By Tim Redmond
I don’t know what Heather Knight means by “ultra-liberal,” but to say that the San Francisco Democratic Party has taken a “sharp turn to the left” is a bit miselading. Yes, the progressives ran an agressive campaign and picked up some seats this spring, but most of the votes on most of the issues were pretty close to unanimous; public power, fro example, had support from across the spectrum. Same with most of the supervisors races.
In fact, the only reason the Democratic Party seems a little more progressive now is that it has so often in the past been controlled by moderates (and in the days of Willie Brown, by a political machine).
So what’s up with the “ultra-liberal,” anyway?
I mean, the word “liberal” used to mean someone who believed that government was part of the solution to social problems, that income ought to be redistributed and the weathy should pay their fair share and that taxes levied and collected in a progressive fashion should be used for programs to help the needy.
That describes most of the people the Chron is now calling “ultra-liberal.” It does not describe, for example, Gavin Newsom.
In San Francisco, taking liberal stands on social issues is easy. The economic issues are a lot more tough, and that’s where you can draw political lines. The Shorensteins, Walter and Doug, are (generaly speaking) social liberals who give money to Democrats, and they always have. But when it comes to regulating land use and development and taxing downtown — when it hits the Shorensteins in the pocket book — they’re as anti-tax and anti-regulation as most Republicans.

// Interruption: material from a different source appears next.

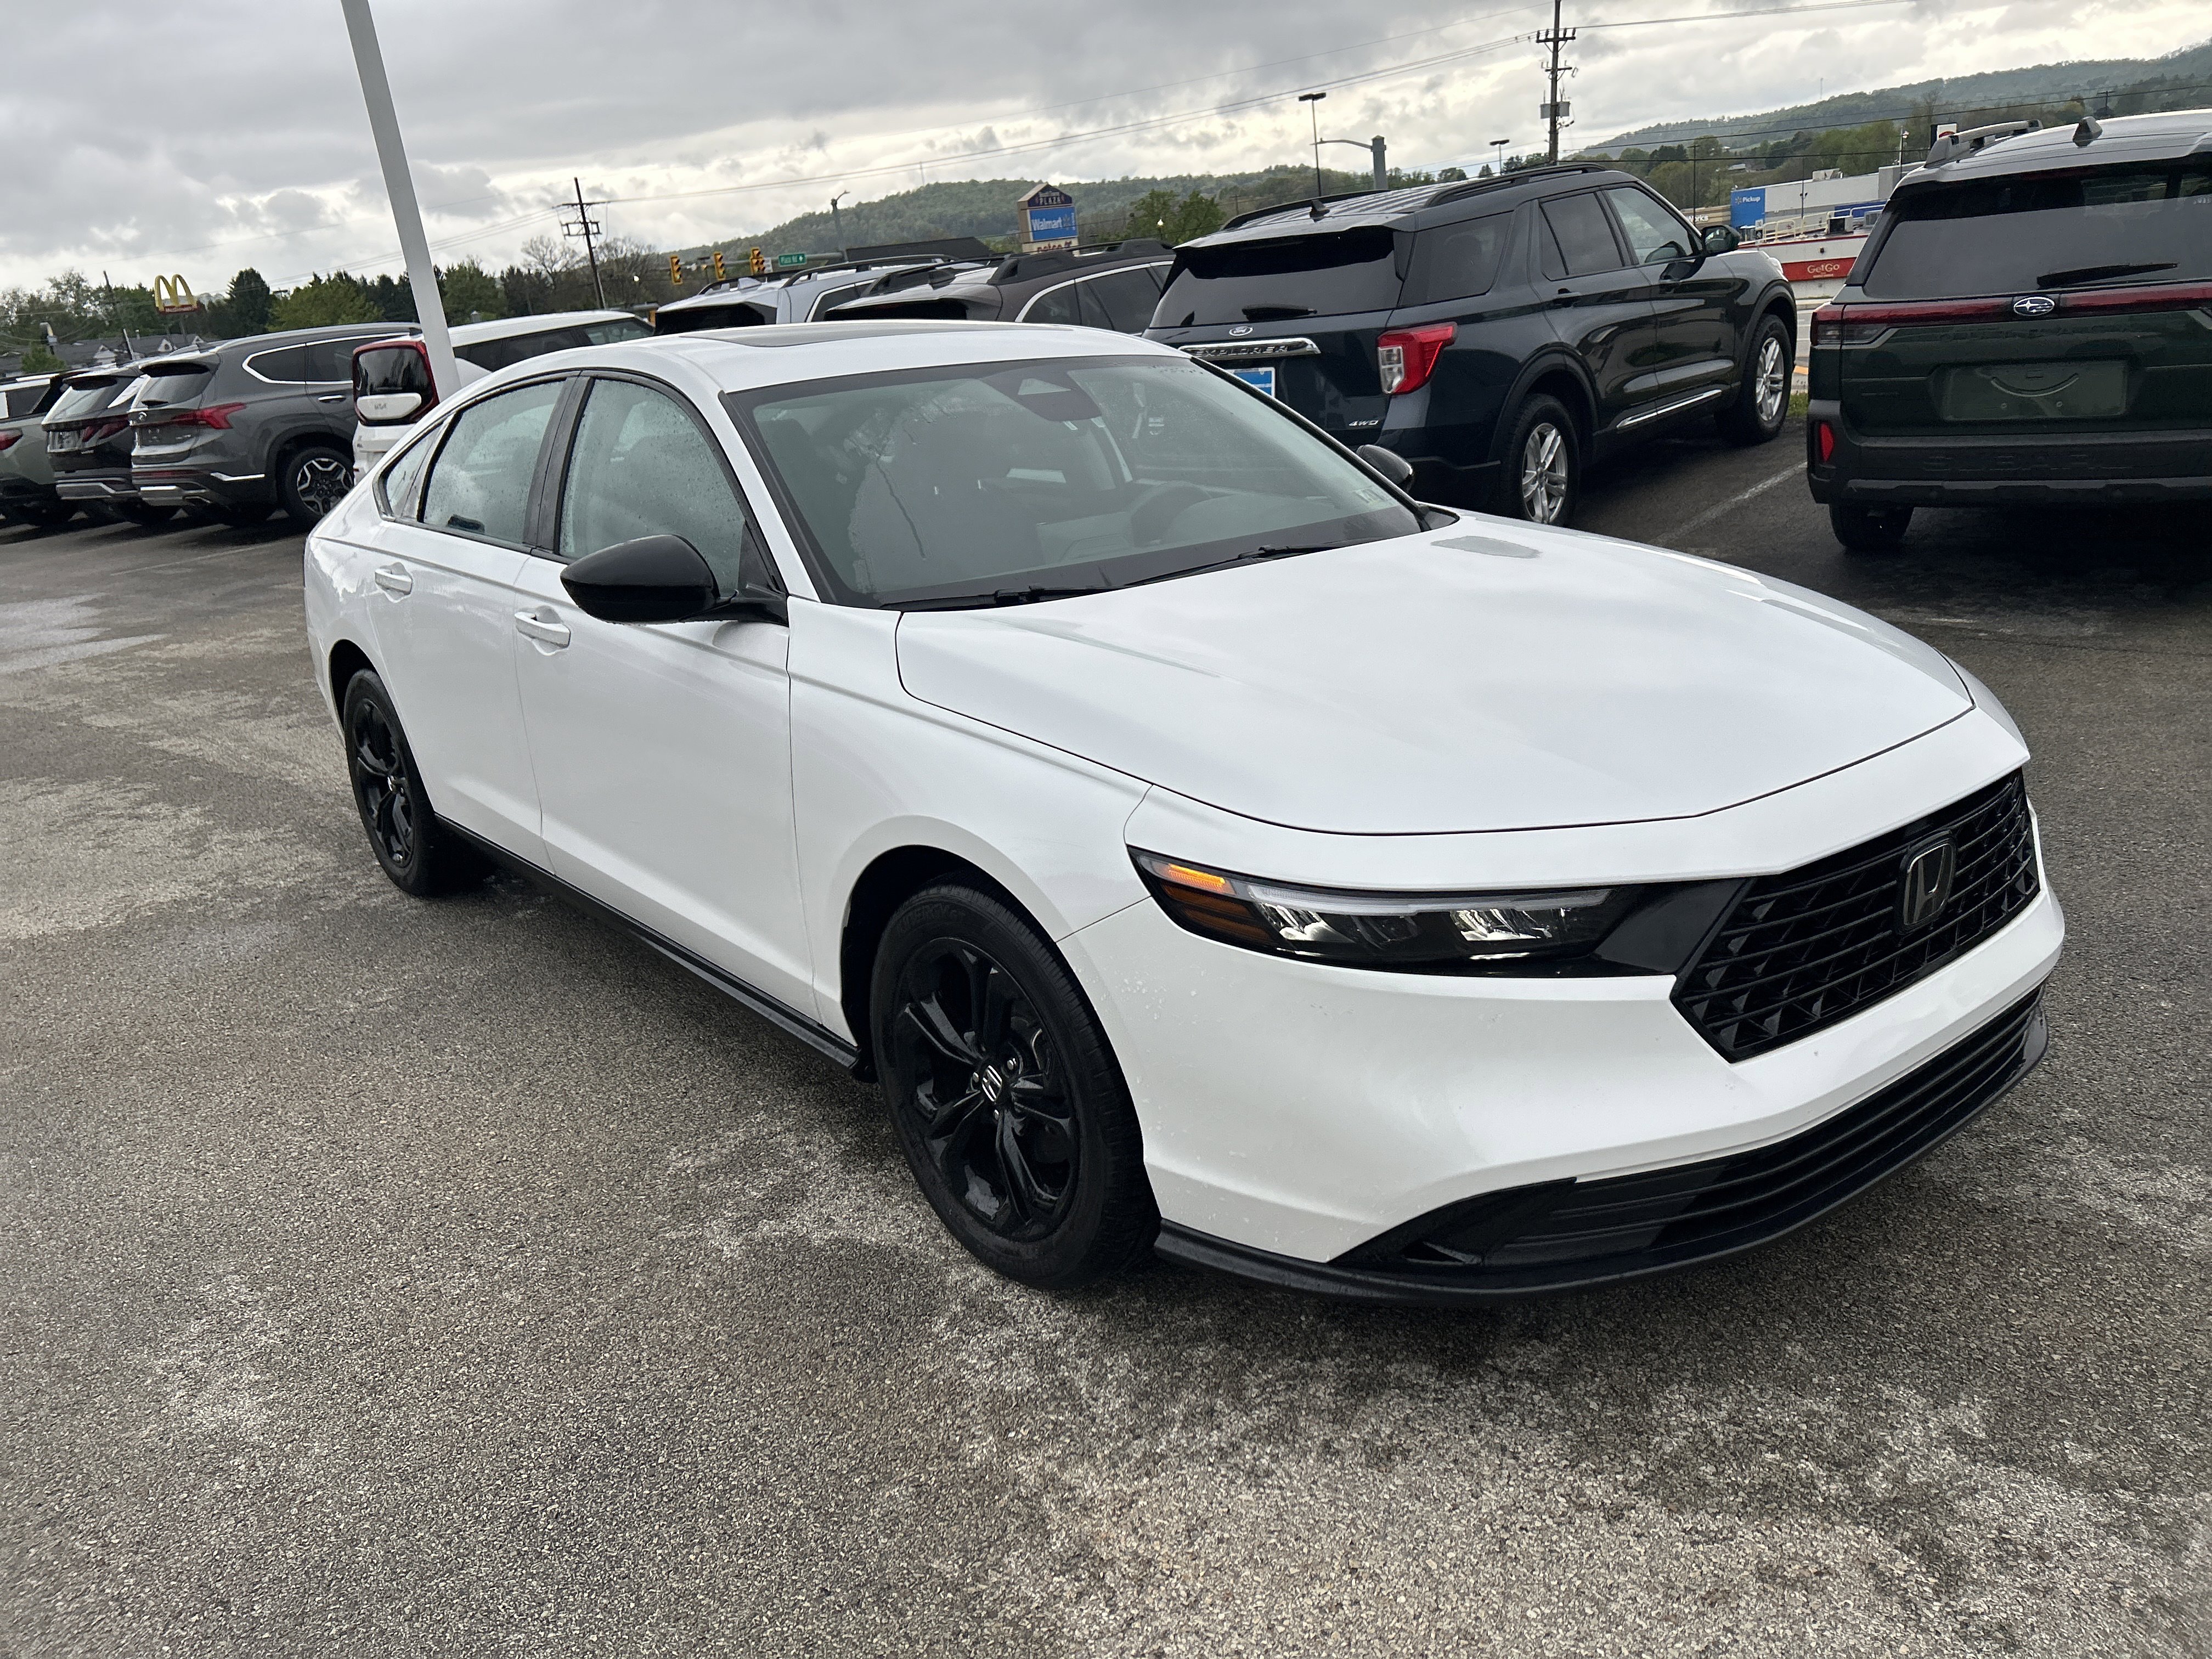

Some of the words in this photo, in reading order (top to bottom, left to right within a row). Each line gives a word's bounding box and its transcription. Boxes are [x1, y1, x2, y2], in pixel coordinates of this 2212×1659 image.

John Burton asked me once why I didn’t call him a progressive, and I told him that the difference between a liberal and a progressive these days is that progressives don’t trust real-estate developers. That’s just a small example, but it makes the point. The progressives in San Francisco stand for both social and economic justice.
Here’s what I think is going on: The Newsom camp is angry about the use of the term “progressive” to describe Newsom’s critics, because it implies that Newsom somehow isn’t progressive. (Honestly, by any meaning of the word, he’s not. Care not Cash was the opposite of a progressive program. His budget is the opposite of a progressive budget. On economic issues, he’s very much a centrist.)
But Newsom’s operatives have been putting pressure on the media, and I’m sure on the Chron, to change that terminology. So now that Chron has come up with the disparaging term “ultra-liberal.”
Really, based on the recent endorsement, the Democratic Party in SF today pretty closely reflects San Francisco values. The nasty label’s got to go.